Exercise data
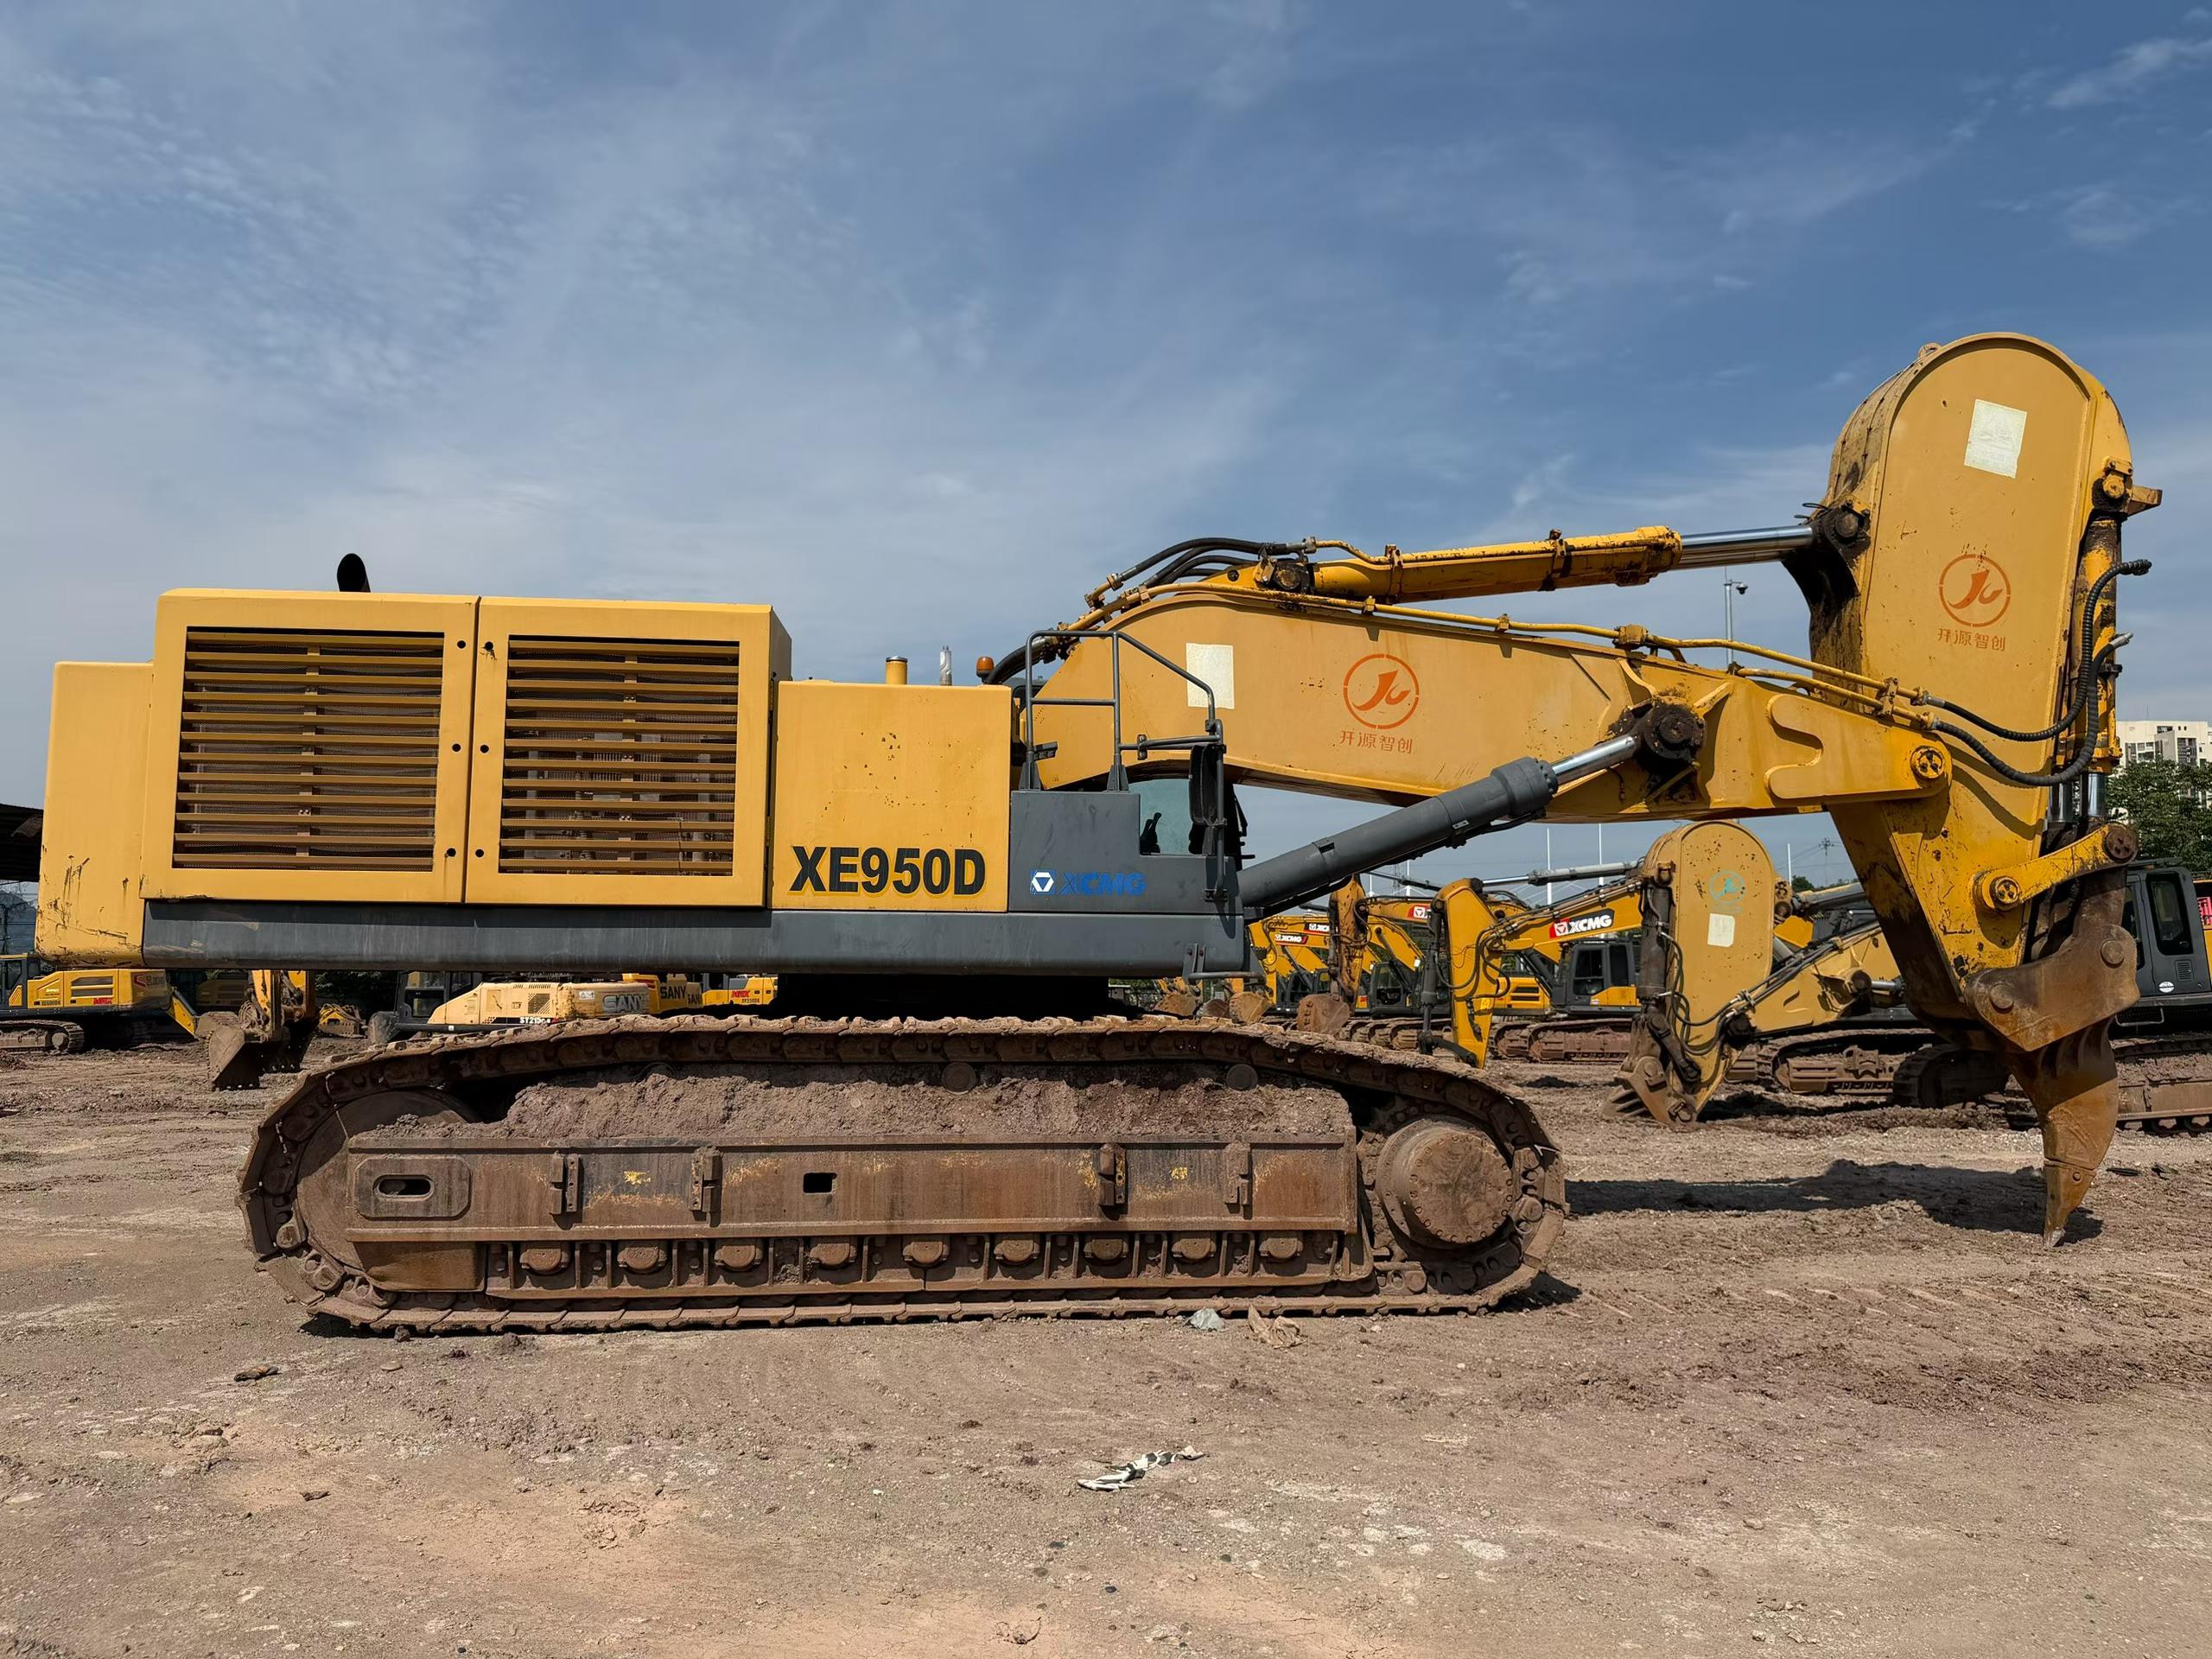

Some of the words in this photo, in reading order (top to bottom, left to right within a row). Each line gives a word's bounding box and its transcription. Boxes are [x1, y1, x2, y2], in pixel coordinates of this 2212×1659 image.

[1340, 730, 1413, 754] 开源智创
[790, 846, 986, 895] XE950D
[1056, 871, 1147, 895] XCMG
[1568, 915, 1612, 933] XCMG
[659, 986, 687, 1000] SANY
[603, 995, 644, 1014] SANY
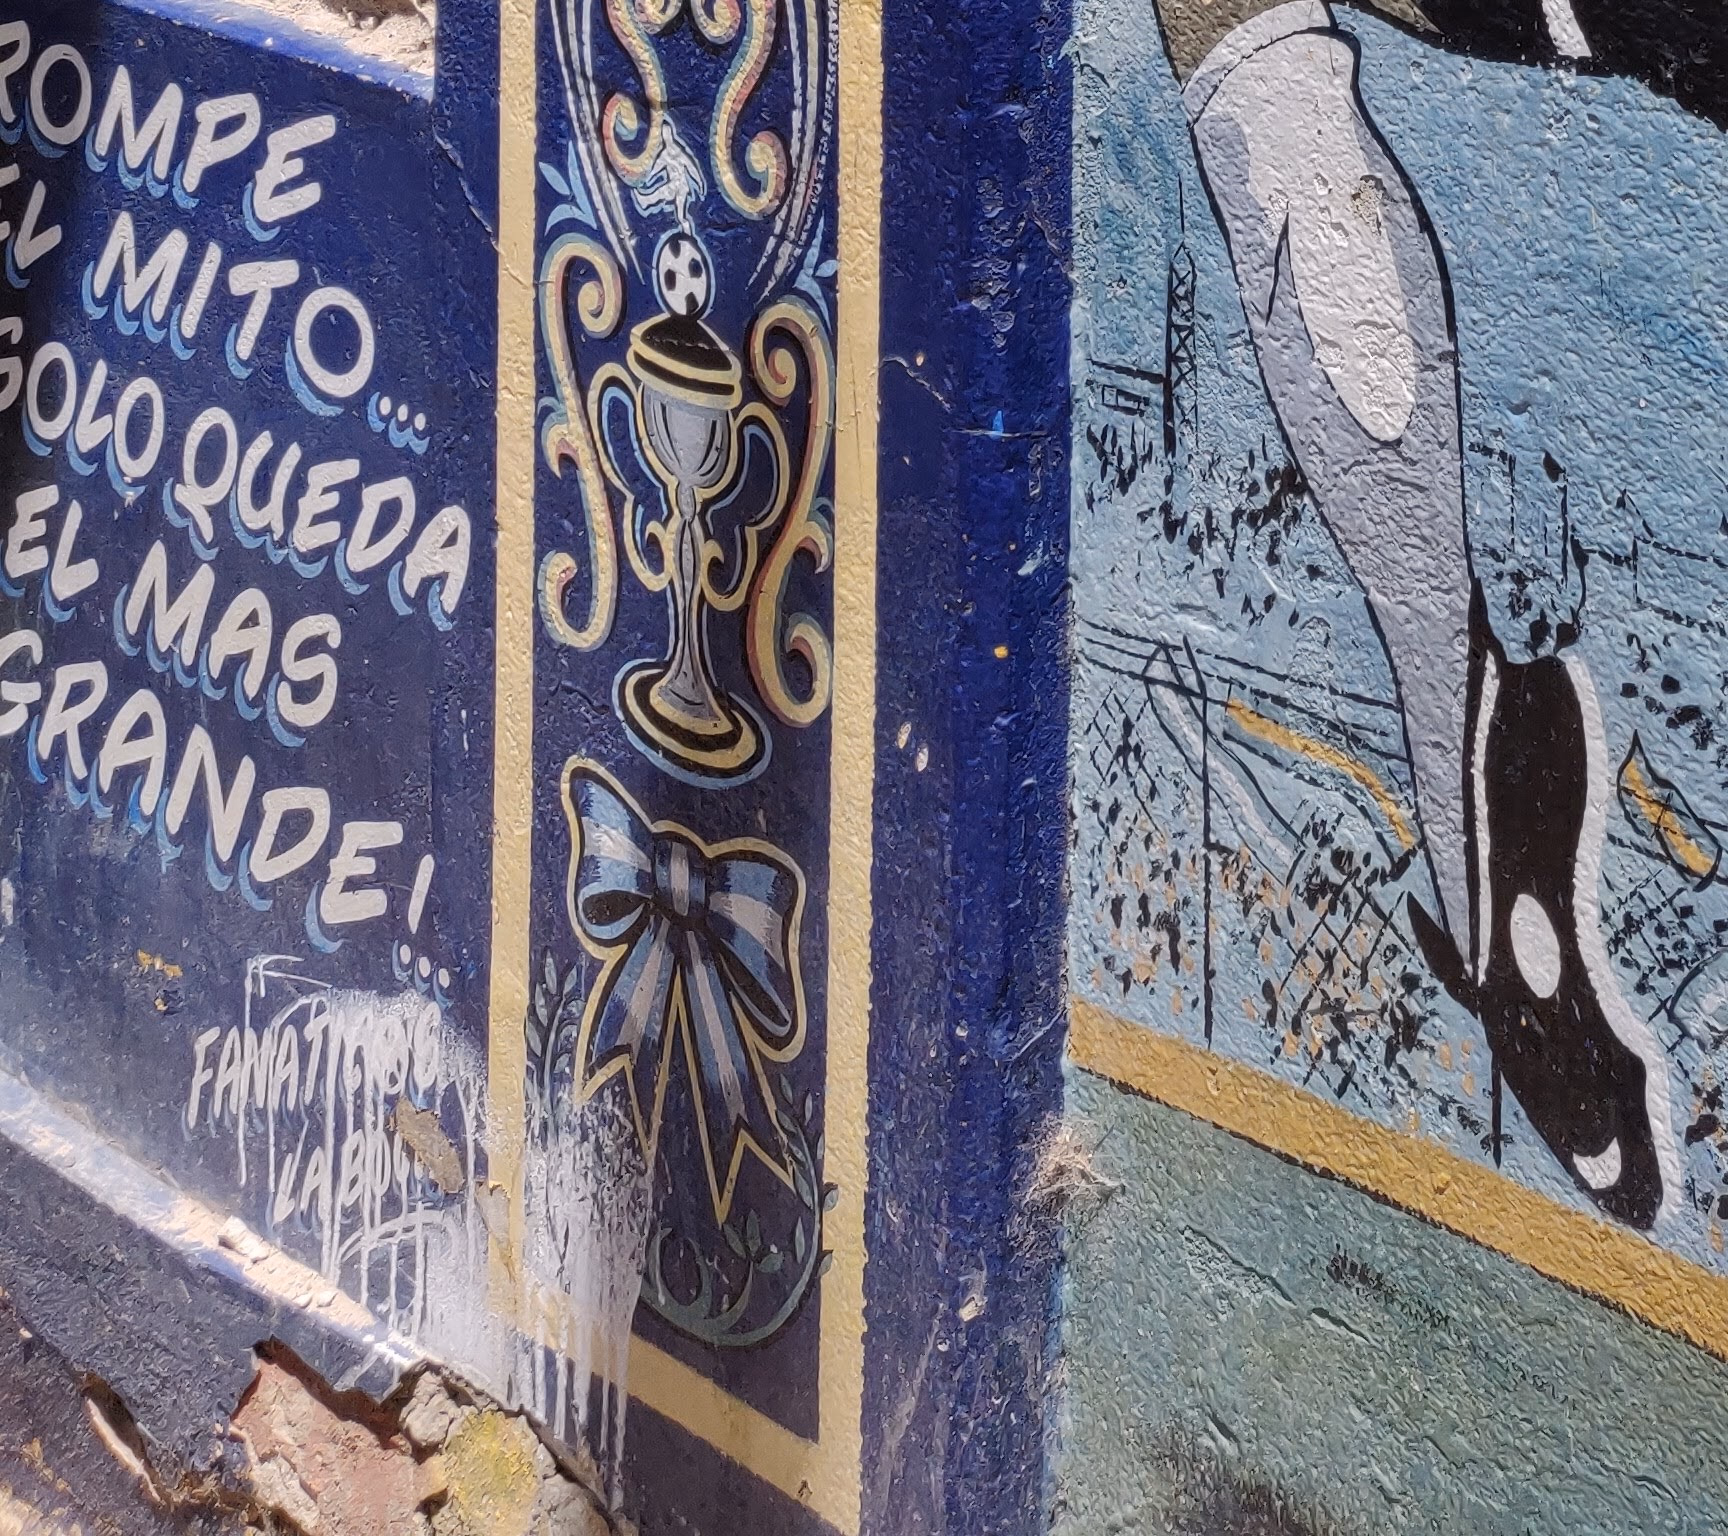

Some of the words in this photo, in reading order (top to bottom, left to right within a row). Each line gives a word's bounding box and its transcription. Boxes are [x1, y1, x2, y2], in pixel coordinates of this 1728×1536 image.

[4, 484, 99, 602] EL
[125, 540, 342, 728] MAS
[173, 406, 472, 615] QUEDA

Your instructions
Return the full listing above exactly as written, and omit the pictures.

Reply to the task
Some of the words in this photo, in reading order (top to bottom, left to right within a row). Each line gives a word's bounding box and its transcription. Boxes are [x1, y1, x2, y2], in pixel coordinates of this 2212×1659 image.

[1340, 730, 1413, 754] 开源智创
[790, 846, 986, 895] XE950D
[1056, 871, 1147, 895] XCMG
[1568, 915, 1612, 933] XCMG
[659, 986, 687, 1000] SANY
[603, 995, 644, 1014] SANY

Some of the words in this photo, in reading order (top to bottom, left to right within a row). Each line gives a word's bounding box and its transcription. Boxes are [x1, y1, x2, y2], in pixel coordinates of this 1728×1536 image.

[4, 484, 99, 602] EL
[125, 540, 342, 728] MAS
[173, 406, 472, 615] QUEDA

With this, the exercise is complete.